::: Data for processing

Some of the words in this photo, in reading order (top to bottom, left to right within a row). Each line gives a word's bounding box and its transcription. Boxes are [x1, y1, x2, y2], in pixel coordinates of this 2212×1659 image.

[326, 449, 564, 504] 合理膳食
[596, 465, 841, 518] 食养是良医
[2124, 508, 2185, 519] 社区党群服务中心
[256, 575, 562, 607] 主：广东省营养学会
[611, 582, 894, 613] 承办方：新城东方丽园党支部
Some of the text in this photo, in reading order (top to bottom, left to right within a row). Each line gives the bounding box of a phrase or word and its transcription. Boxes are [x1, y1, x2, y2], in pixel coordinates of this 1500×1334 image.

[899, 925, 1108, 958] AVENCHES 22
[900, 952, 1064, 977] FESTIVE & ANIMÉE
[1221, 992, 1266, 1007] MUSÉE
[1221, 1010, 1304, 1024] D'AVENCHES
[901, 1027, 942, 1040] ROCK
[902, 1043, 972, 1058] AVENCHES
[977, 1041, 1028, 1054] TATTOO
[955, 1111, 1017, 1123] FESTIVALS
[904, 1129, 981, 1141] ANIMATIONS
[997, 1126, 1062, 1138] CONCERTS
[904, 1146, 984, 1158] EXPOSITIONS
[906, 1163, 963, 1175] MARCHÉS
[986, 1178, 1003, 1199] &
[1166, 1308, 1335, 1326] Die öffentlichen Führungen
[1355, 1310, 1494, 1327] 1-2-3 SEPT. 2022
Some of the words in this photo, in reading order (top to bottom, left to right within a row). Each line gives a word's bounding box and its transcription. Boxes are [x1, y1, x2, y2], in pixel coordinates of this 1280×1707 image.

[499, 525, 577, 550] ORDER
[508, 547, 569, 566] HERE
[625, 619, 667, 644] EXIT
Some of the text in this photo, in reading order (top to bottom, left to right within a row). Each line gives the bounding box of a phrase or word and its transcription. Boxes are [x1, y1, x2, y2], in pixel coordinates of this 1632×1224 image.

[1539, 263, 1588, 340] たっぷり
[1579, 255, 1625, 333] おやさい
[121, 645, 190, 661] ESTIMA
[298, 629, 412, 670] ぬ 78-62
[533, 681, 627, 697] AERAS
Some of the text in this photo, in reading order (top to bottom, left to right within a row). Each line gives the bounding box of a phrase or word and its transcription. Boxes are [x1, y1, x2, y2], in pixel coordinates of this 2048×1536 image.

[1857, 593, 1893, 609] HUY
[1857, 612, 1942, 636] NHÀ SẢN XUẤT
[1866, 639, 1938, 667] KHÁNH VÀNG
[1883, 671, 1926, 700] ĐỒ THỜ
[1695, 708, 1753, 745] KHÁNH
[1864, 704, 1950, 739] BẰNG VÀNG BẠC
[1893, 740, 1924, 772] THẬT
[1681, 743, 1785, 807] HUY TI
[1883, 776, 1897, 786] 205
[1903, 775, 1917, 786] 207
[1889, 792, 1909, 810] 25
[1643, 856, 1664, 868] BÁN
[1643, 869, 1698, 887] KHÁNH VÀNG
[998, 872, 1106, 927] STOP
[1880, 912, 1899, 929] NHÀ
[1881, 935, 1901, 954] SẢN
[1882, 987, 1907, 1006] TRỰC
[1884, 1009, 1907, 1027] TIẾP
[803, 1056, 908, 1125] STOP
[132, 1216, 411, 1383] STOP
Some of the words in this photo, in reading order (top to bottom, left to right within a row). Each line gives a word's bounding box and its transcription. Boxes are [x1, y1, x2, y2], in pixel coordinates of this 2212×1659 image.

::::::

■ Activity
Write the data from above out again, exactly.

■ Exercise answer
Some of the words in this photo, in reading order (top to bottom, left to right within a row). Each line gives a word's bounding box and its transcription. Boxes are [x1, y1, x2, y2], in pixel coordinates of this 2212×1659 image.

[326, 449, 564, 504] 合理膳食
[596, 465, 841, 518] 食养是良医
[2124, 508, 2185, 519] 社区党群服务中心
[256, 575, 562, 607] 主：广东省营养学会
[611, 582, 894, 613] 承办方：新城东方丽园党支部
Some of the text in this photo, in reading order (top to bottom, left to right within a row). Each line gives the bounding box of a phrase or word and its transcription. Boxes are [x1, y1, x2, y2], in pixel coordinates of this 1500×1334 image.

[899, 925, 1108, 958] AVENCHES 22
[900, 952, 1064, 977] FESTIVE & ANIMÉE
[1221, 992, 1266, 1007] MUSÉE
[1221, 1010, 1304, 1024] D'AVENCHES
[901, 1027, 942, 1040] ROCK
[902, 1043, 972, 1058] AVENCHES
[977, 1041, 1028, 1054] TATTOO
[955, 1111, 1017, 1123] FESTIVALS
[904, 1129, 981, 1141] ANIMATIONS
[997, 1126, 1062, 1138] CONCERTS
[904, 1146, 984, 1158] EXPOSITIONS
[906, 1163, 963, 1175] MARCHÉS
[986, 1178, 1003, 1199] &
[1166, 1308, 1335, 1326] Die öffentlichen Führungen
[1355, 1310, 1494, 1327] 1-2-3 SEPT. 2022
Some of the words in this photo, in reading order (top to bottom, left to right within a row). Each line gives a word's bounding box and its transcription. Boxes are [x1, y1, x2, y2], in pixel coordinates of this 1280×1707 image.

[499, 525, 577, 550] ORDER
[508, 547, 569, 566] HERE
[625, 619, 667, 644] EXIT
Some of the text in this photo, in reading order (top to bottom, left to right within a row). Each line gives the bounding box of a phrase or word and its transcription. Boxes are [x1, y1, x2, y2], in pixel coordinates of this 1632×1224 image.

[1539, 263, 1588, 340] たっぷり
[1579, 255, 1625, 333] おやさい
[121, 645, 190, 661] ESTIMA
[298, 629, 412, 670] ぬ 78-62
[533, 681, 627, 697] AERAS
Some of the text in this photo, in reading order (top to bottom, left to right within a row). Each line gives the bounding box of a phrase or word and its transcription. Boxes are [x1, y1, x2, y2], in pixel coordinates of this 2048×1536 image.

[1857, 593, 1893, 609] HUY
[1857, 612, 1942, 636] NHÀ SẢN XUẤT
[1866, 639, 1938, 667] KHÁNH VÀNG
[1883, 671, 1926, 700] ĐỒ THỜ
[1695, 708, 1753, 745] KHÁNH
[1864, 704, 1950, 739] BẰNG VÀNG BẠC
[1893, 740, 1924, 772] THẬT
[1681, 743, 1785, 807] HUY TI
[1883, 776, 1897, 786] 205
[1903, 775, 1917, 786] 207
[1889, 792, 1909, 810] 25
[1643, 856, 1664, 868] BÁN
[1643, 869, 1698, 887] KHÁNH VÀNG
[998, 872, 1106, 927] STOP
[1880, 912, 1899, 929] NHÀ
[1881, 935, 1901, 954] SẢN
[1882, 987, 1907, 1006] TRỰC
[1884, 1009, 1907, 1027] TIẾP
[803, 1056, 908, 1125] STOP
[132, 1216, 411, 1383] STOP
Some of the words in this photo, in reading order (top to bottom, left to right within a row). Each line gives a word's bounding box and its transcription. Boxes are [x1, y1, x2, y2], in pixel coordinates of this 2212×1659 image.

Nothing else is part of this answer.